You’d hardly notice, but we’re being asked to change the Constitution this Thursday. Twice. Yet nobody is acting like this is much of a deal. The amendments are being thrown in with the Presidential election like some sort of democratic side order, and getting about as much attention. This despite the fact that a Constitutional amendment actually, you know, changes something, while a ceremonial President – in spite of the impression they try to create in their election campaigns – can change about bugger all.

These are not trivial matters either. One would remove the bar on reductions to the pay of judges, something placed in the Constitution deliberately to prevent the sitting government pressuring the judiciary. The other would allow the houses of the Oireachtas¹ to conduct their own quasi-judicial investigations. That would seem to give them quite a lot of power. How much? Well according to part of the proposed amendment:

4º It shall be for the House or Houses concerned to determine, with due regard to the principles of fair procedures, the appropriate balance between the rights of persons and the public interest for the purposes of ensuring an effective inquiry into any matter to which subsection 2º applies.’

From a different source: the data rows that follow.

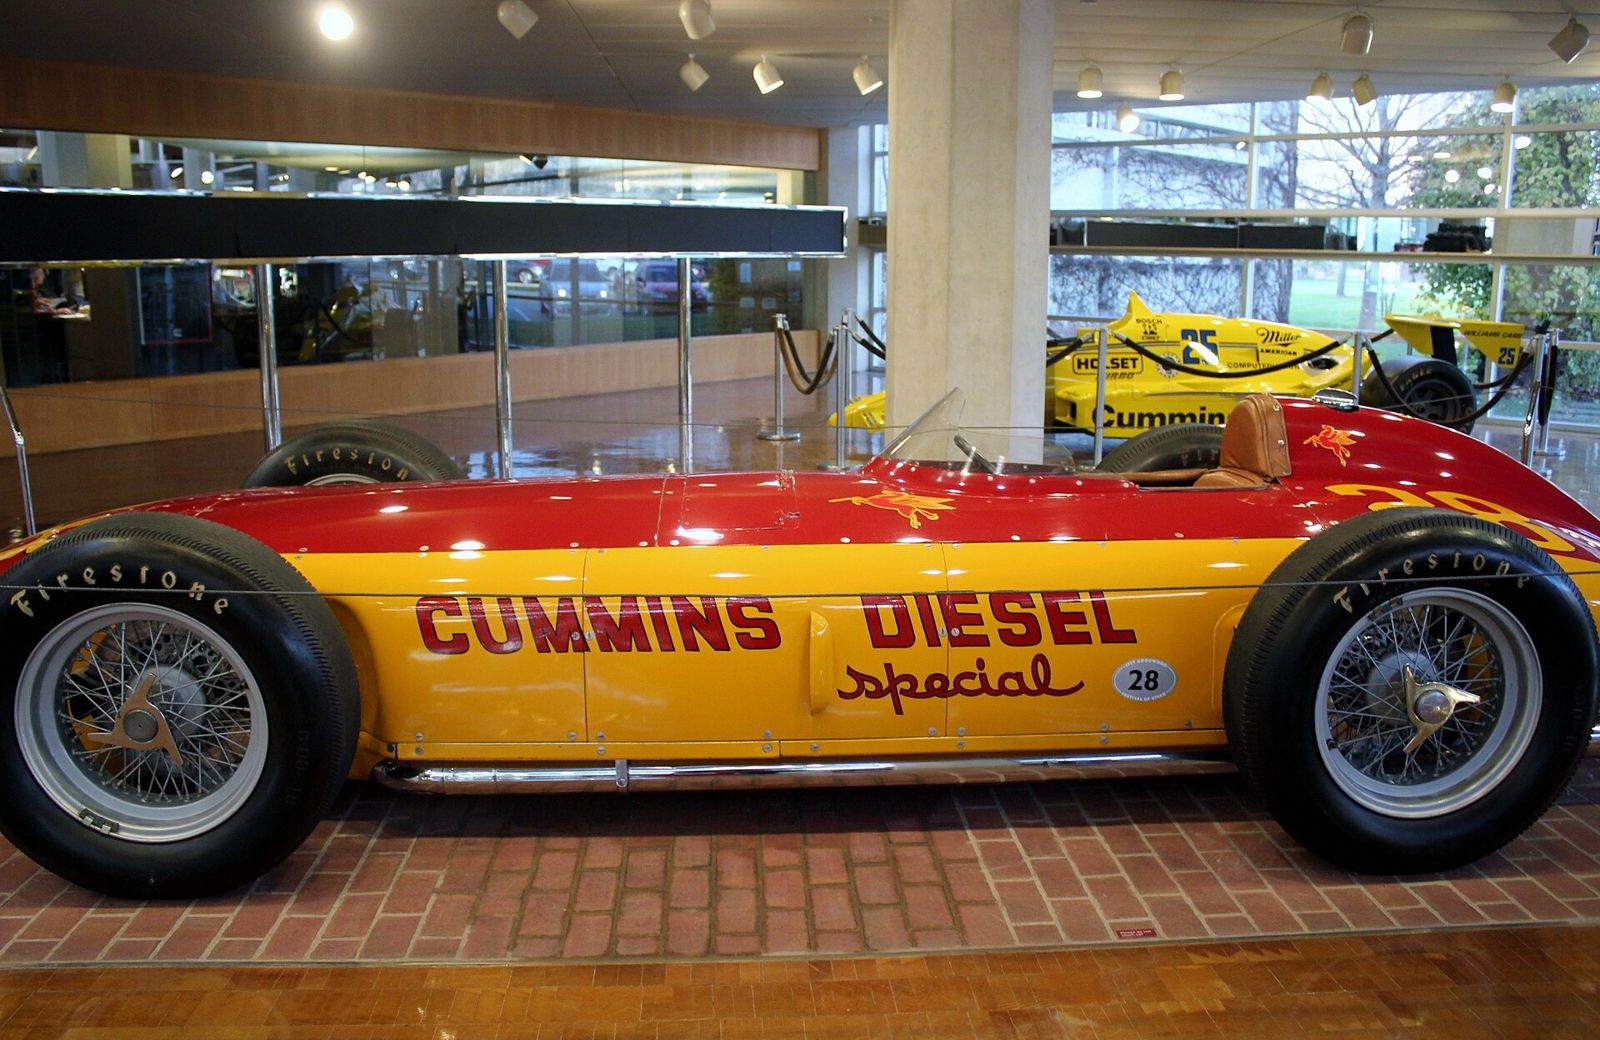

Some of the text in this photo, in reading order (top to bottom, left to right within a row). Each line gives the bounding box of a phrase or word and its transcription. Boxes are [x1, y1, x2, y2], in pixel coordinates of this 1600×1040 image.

[1181, 329, 1219, 364] 25
[1256, 327, 1302, 345] Miller
[1077, 358, 1139, 369] HOSET
[1259, 348, 1298, 356] AMERICAN
[1498, 347, 1516, 365] 25
[1092, 404, 1226, 427] Cummin
[284, 447, 409, 480] Fireston
[10, 564, 229, 618] Firestone
[1333, 552, 1530, 613] Firestone
[415, 591, 1138, 655] CUMMINS DIESEL
[836, 653, 1085, 716] special
[1128, 669, 1159, 691] 28
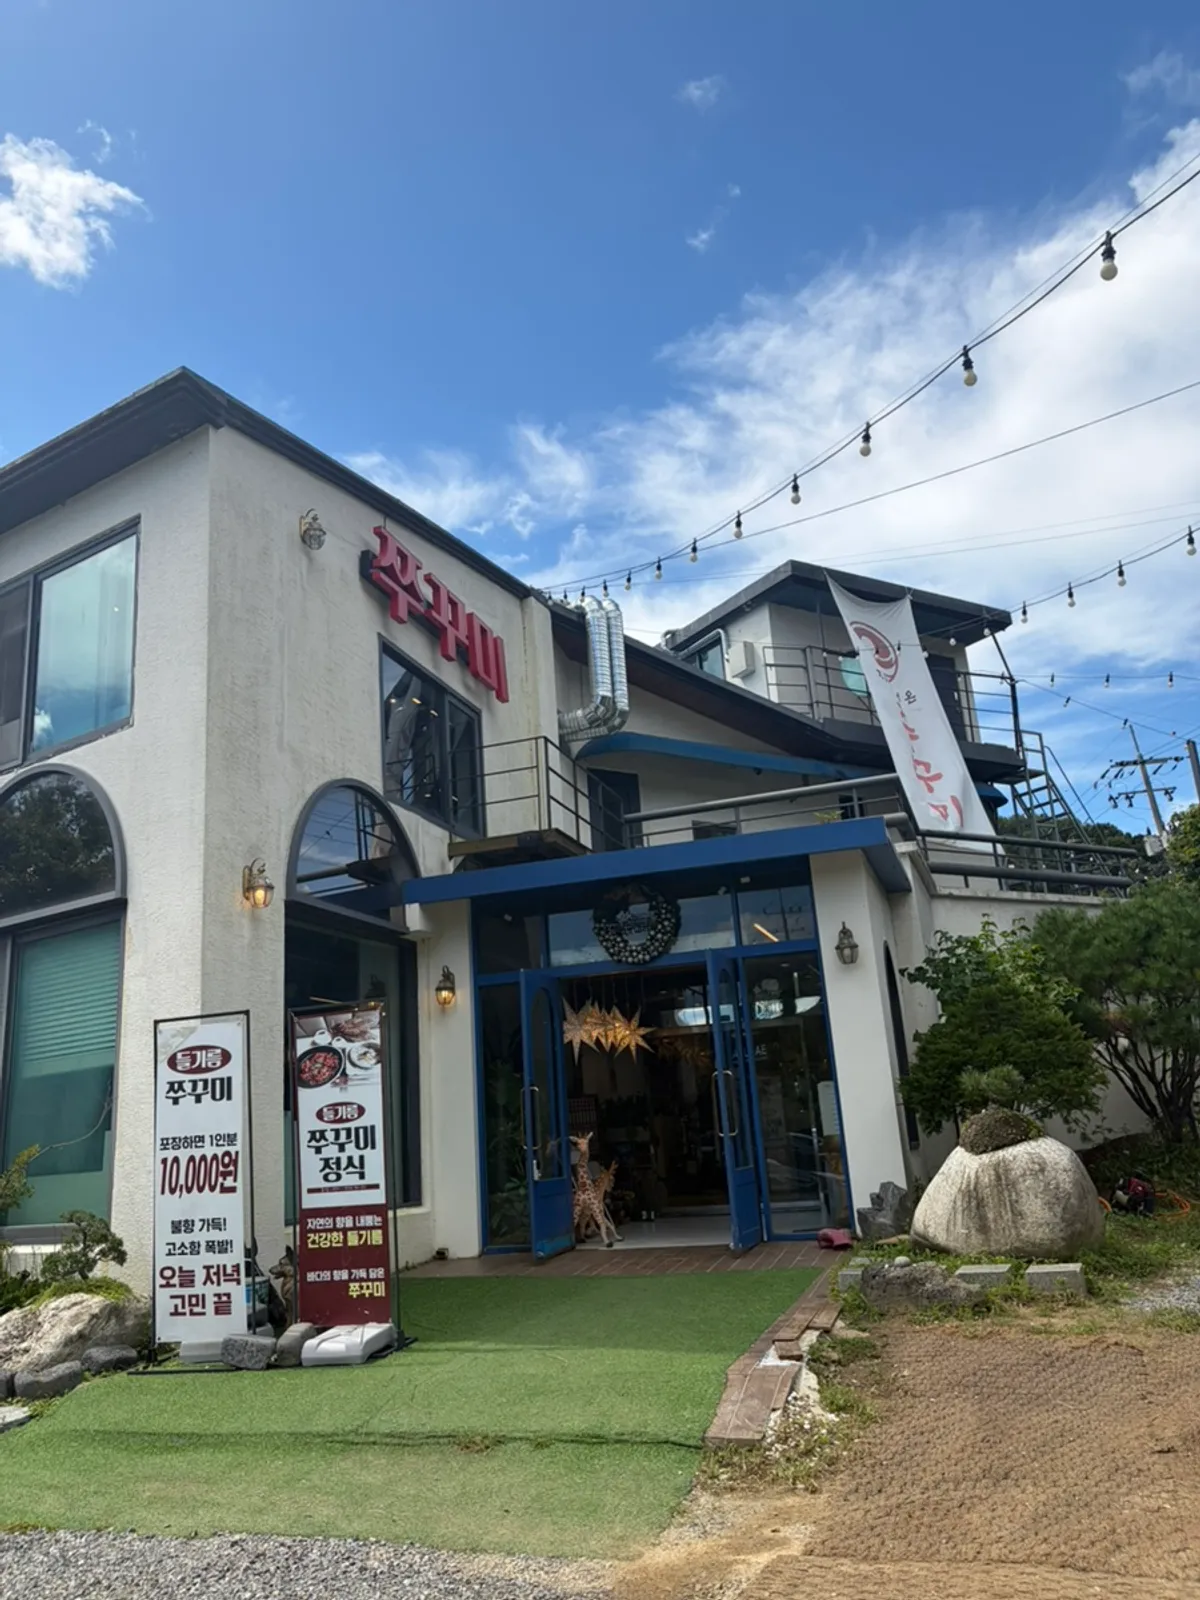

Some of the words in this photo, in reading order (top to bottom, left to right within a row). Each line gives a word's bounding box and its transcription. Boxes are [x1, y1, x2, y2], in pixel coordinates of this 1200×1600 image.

[370, 525, 510, 704] 쭈꾸미
[175, 1048, 223, 1071] 들기름
[164, 1076, 232, 1106] 쭈꾸미
[322, 1104, 359, 1121] 들기름
[159, 1134, 205, 1151] 포장하면
[209, 1132, 238, 1147] 1인분
[306, 1124, 377, 1155] 쭈꾸미
[160, 1150, 240, 1199] 10,000원
[318, 1154, 366, 1183] 정식
[171, 1218, 195, 1235] 불향
[198, 1217, 227, 1233] 가득!
[306, 1216, 334, 1230] 자연의
[165, 1239, 201, 1257] 고소함
[204, 1239, 234, 1255] 폭발!
[306, 1231, 344, 1249] 건강한
[347, 1229, 383, 1247] 들기름
[159, 1265, 196, 1288] 오늘
[202, 1262, 241, 1287] 저녁
[350, 1268, 368, 1280] 가득
[348, 1281, 386, 1299] 쭈꾸미
[169, 1293, 207, 1317] 고민
[213, 1292, 232, 1316] 끝

So only the Oireachtas can say how much power it can give itself. Though it is of course restricted by law. Which the Oireachtas also creates.

Yes parliaments often have powers of investigation, but this seems very broadly drawn, and likely to make power in this country even more unbalanced. Government in a democracy is generally divided into three main branches: The executive, the legislature, and the judiciary. There is meant to be a measure of conflict between these roles, in order to ensure that everyone is watching what everyone is up to.

We’re a parliamentary democracy though; that immediately reduces internal contention because it means there is no effective difference between the executive and the legislature. Unlike countries with an executive presidency such as France or the US, the legislature elects the executive – which then pretty much dictates everything else the legislature does.

Another safety mechanism is a bicameral legislature; two houses each with oversight of the other – House/Senate, Commons/Lords, etc. Our upper house though is effectively the creation of the executive, which appoints the majority of its members. So no balance there either; whatever party wins most seats in an election just sweeps the board of executive and both houses.

That only leaves the judiciary as an independent power, and we are being asked to pass two amendments to our constitution, one of which will take away its chief protection against undue government pressure, the other of which will usurp some of its functions. Still wonder why I’m worried?